- Exercise
The whole listing should be retyped exactly as it appears.
▼
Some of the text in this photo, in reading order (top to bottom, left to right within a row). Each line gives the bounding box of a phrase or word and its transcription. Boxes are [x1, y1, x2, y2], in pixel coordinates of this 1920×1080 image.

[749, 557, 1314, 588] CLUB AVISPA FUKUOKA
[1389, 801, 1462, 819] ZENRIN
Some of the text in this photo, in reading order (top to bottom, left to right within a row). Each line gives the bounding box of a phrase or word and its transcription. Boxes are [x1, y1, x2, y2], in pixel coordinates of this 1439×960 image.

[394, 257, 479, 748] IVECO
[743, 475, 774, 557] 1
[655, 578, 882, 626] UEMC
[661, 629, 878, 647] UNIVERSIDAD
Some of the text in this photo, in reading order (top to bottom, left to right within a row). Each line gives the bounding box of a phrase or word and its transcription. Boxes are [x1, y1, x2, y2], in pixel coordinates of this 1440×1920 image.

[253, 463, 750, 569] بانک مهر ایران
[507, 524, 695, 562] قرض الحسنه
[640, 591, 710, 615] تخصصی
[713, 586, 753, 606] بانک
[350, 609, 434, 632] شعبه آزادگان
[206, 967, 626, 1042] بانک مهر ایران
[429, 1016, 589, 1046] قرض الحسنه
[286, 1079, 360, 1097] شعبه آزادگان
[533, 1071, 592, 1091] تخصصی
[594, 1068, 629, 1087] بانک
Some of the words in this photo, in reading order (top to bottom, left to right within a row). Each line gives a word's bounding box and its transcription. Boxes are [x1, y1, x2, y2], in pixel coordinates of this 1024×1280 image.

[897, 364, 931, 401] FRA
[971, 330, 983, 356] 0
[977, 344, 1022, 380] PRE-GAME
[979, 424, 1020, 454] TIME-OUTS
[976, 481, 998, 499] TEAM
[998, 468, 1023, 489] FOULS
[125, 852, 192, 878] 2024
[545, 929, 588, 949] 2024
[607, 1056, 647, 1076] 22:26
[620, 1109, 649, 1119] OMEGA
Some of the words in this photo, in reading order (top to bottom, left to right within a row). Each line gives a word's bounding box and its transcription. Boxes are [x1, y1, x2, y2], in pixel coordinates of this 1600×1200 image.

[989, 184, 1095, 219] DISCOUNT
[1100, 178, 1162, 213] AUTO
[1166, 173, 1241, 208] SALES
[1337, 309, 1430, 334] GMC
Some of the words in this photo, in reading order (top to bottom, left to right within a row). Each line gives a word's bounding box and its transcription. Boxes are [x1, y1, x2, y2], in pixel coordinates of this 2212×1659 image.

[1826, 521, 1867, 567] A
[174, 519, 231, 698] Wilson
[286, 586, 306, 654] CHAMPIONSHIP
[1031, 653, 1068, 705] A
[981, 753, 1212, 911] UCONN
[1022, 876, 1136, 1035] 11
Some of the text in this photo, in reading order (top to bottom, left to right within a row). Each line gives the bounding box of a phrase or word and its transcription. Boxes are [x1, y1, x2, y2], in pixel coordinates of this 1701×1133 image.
▲
- Your solution
Some of the text in this photo, in reading order (top to bottom, left to right within a row). Each line gives the bounding box of a phrase or word and its transcription. Boxes are [x1, y1, x2, y2], in pixel coordinates of this 1920×1080 image.

[749, 557, 1314, 588] CLUB AVISPA FUKUOKA
[1389, 801, 1462, 819] ZENRIN
Some of the text in this photo, in reading order (top to bottom, left to right within a row). Each line gives the bounding box of a phrase or word and its transcription. Boxes are [x1, y1, x2, y2], in pixel coordinates of this 1439×960 image.

[394, 257, 479, 748] IVECO
[743, 475, 774, 557] 1
[655, 578, 882, 626] UEMC
[661, 629, 878, 647] UNIVERSIDAD
Some of the text in this photo, in reading order (top to bottom, left to right within a row). Each line gives the bounding box of a phrase or word and its transcription. Boxes are [x1, y1, x2, y2], in pixel coordinates of this 1440×1920 image.

[253, 463, 750, 569] بانک مهر ایران
[507, 524, 695, 562] قرض الحسنه
[640, 591, 710, 615] تخصصی
[713, 586, 753, 606] بانک
[350, 609, 434, 632] شعبه آزادگان
[206, 967, 626, 1042] بانک مهر ایران
[429, 1016, 589, 1046] قرض الحسنه
[286, 1079, 360, 1097] شعبه آزادگان
[533, 1071, 592, 1091] تخصصی
[594, 1068, 629, 1087] بانک
Some of the words in this photo, in reading order (top to bottom, left to right within a row). Each line gives a word's bounding box and its transcription. Boxes are [x1, y1, x2, y2], in pixel coordinates of this 1024×1280 image.

[897, 364, 931, 401] FRA
[971, 330, 983, 356] 0
[977, 344, 1022, 380] PRE-GAME
[979, 424, 1020, 454] TIME-OUTS
[976, 481, 998, 499] TEAM
[998, 468, 1023, 489] FOULS
[125, 852, 192, 878] 2024
[545, 929, 588, 949] 2024
[607, 1056, 647, 1076] 22:26
[620, 1109, 649, 1119] OMEGA
Some of the words in this photo, in reading order (top to bottom, left to right within a row). Each line gives a word's bounding box and its transcription. Boxes are [x1, y1, x2, y2], in pixel coordinates of this 1600×1200 image.

[989, 184, 1095, 219] DISCOUNT
[1100, 178, 1162, 213] AUTO
[1166, 173, 1241, 208] SALES
[1337, 309, 1430, 334] GMC
Some of the words in this photo, in reading order (top to bottom, left to right within a row). Each line gives a word's bounding box and its transcription. Boxes are [x1, y1, x2, y2], in pixel coordinates of this 2212×1659 image.

[1826, 521, 1867, 567] A
[174, 519, 231, 698] Wilson
[286, 586, 306, 654] CHAMPIONSHIP
[1031, 653, 1068, 705] A
[981, 753, 1212, 911] UCONN
[1022, 876, 1136, 1035] 11
Some of the text in this photo, in reading order (top to bottom, left to right within a row). Each line gives the bounding box of a phrase or word and its transcription. Boxes are [x1, y1, x2, y2], in pixel coordinates of this 1701×1133 image.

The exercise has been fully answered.